Prime Minister Theresa May said last month that she wanted “maximum control” over immigration but that in negotiations with the EU she would seek to get “maximum possible access to the single market”. Of course, but something has surely got to give on one side or both.
It seems that manufacturers, as represented by large auto firms and smaller engineering ones that are members of the BTMA, want no tariffs on selling to the EU, in the former’s case, and access to skilled EU workers in both cases. Carmakers’ views have been given front-page national coverage, the BTMA’s not so. But cue a discussion at Citizen Machinery UK’s recent Open House, where managing director Geoff Bryant reported that at a recent BTMA meeting, continued access to skilled workers from the EU was a key issue; the companies reportedly have around 10% non-UK, EU national employment.
As it happens, manufacturing is the sector within which most non-UK, EU-born workers in this country can be found, according to the ‘UK in a Changing Europe’ initiative (https://is.gd/epozow). Its figures say that 15% of all such workers in the UK can be found in this sector. They represent 10% of the manufacturing workforce, so the BTMA is right in line with that. The next largest number employed is found in wholesale/retail (12% of all non-UK, EU-born workers in the UK, representing 6% of the sector’s workforce) and then health and social work (11% and 5%).
So for manufacturing, is the answer to train more? Quite clearly, yes – and already suggested for the health sector, where the non-UK, EU-born proportion is far lower. But is the raw material available in manufacturing’s case? Companies take on apprentices but often end up letting many go, Machinery heard at the Citizen Machinery UK Open House. Bryant sums up the missing element these days as ‘gumption’; a willingness to stick at something, even when there are challenges.

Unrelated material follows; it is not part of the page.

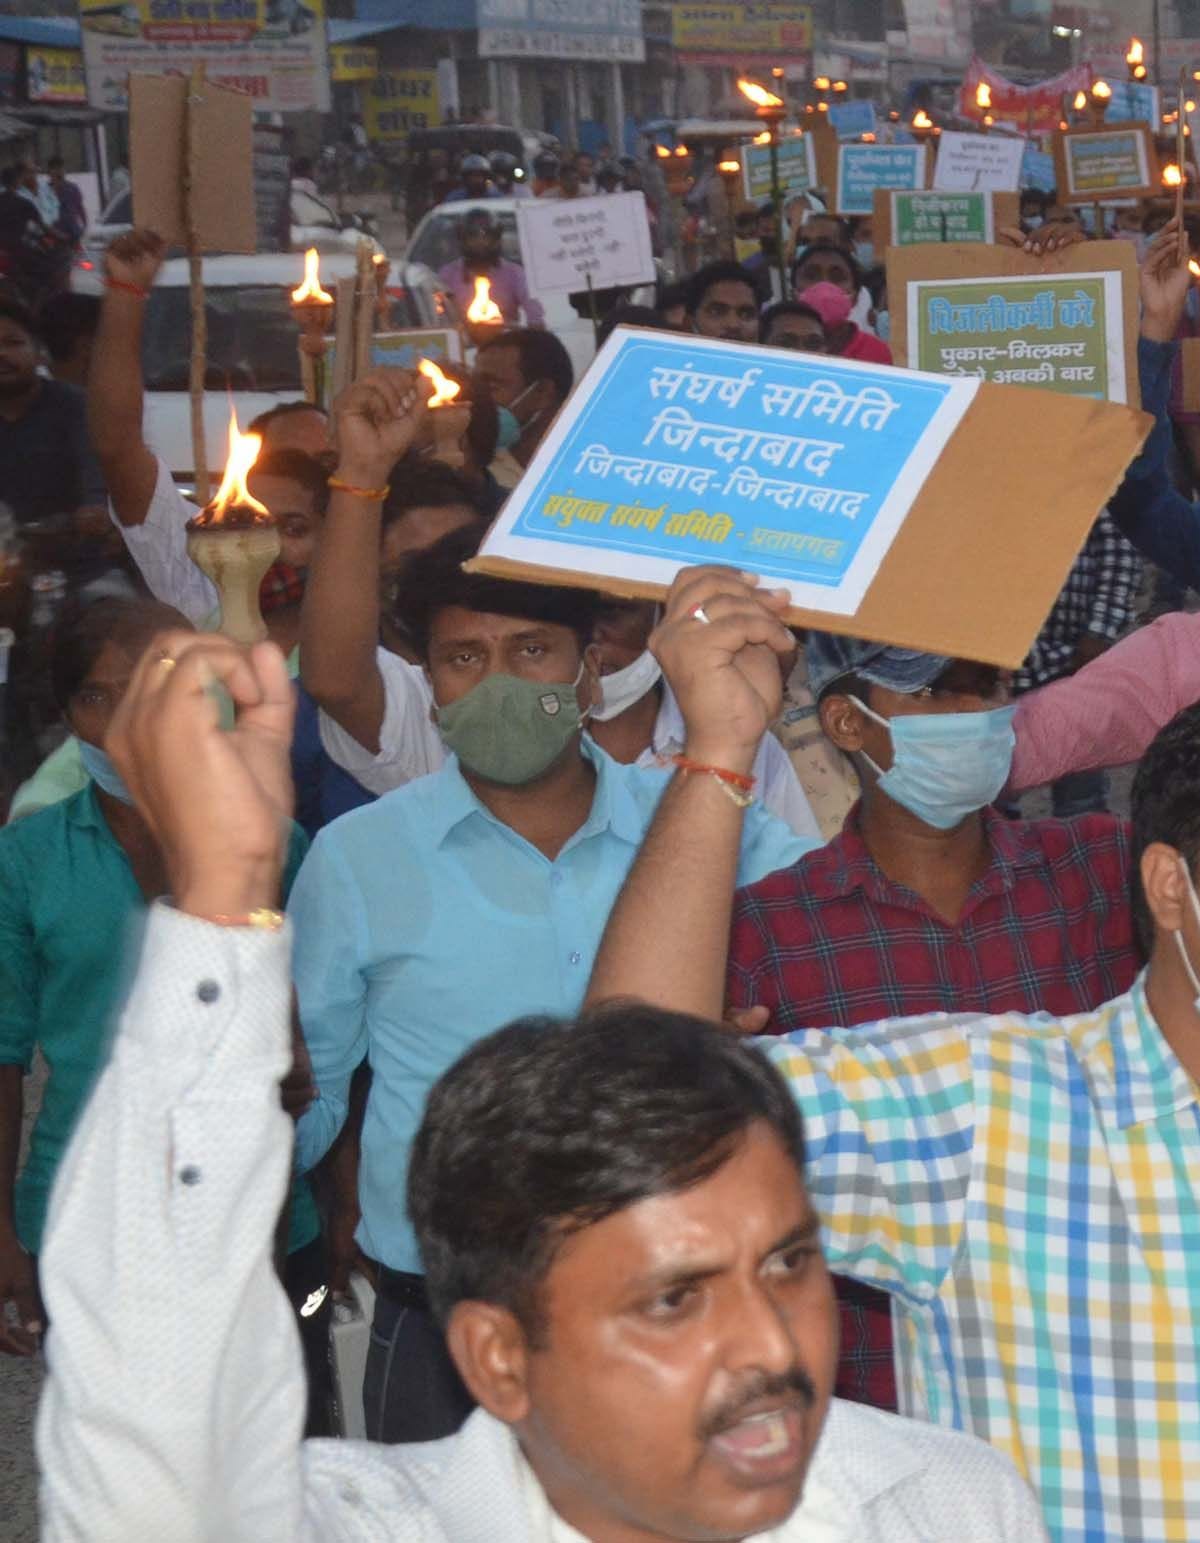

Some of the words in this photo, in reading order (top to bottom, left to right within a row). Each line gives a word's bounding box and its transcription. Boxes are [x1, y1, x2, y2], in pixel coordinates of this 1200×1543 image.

It would be folly and unfair to write off all of a younger generation, clearly, but this is a view Machinery has heard many times before. There is a deeper educational/personal motivation issue that is, hopefully, being positively affected by today’s greater emphasis on apprenticeships, especially those innovative ones run by the likes of the AMRC (www.machinery.co.uk/60393). But it is not simply a matter of flicking on a switch. So manufacturing as a whole must hope that the Brexit negotiation conclusion in this area is, similarly, not an ‘off’ switch.
This article was published in the November 2016 issue of Machinery magazine.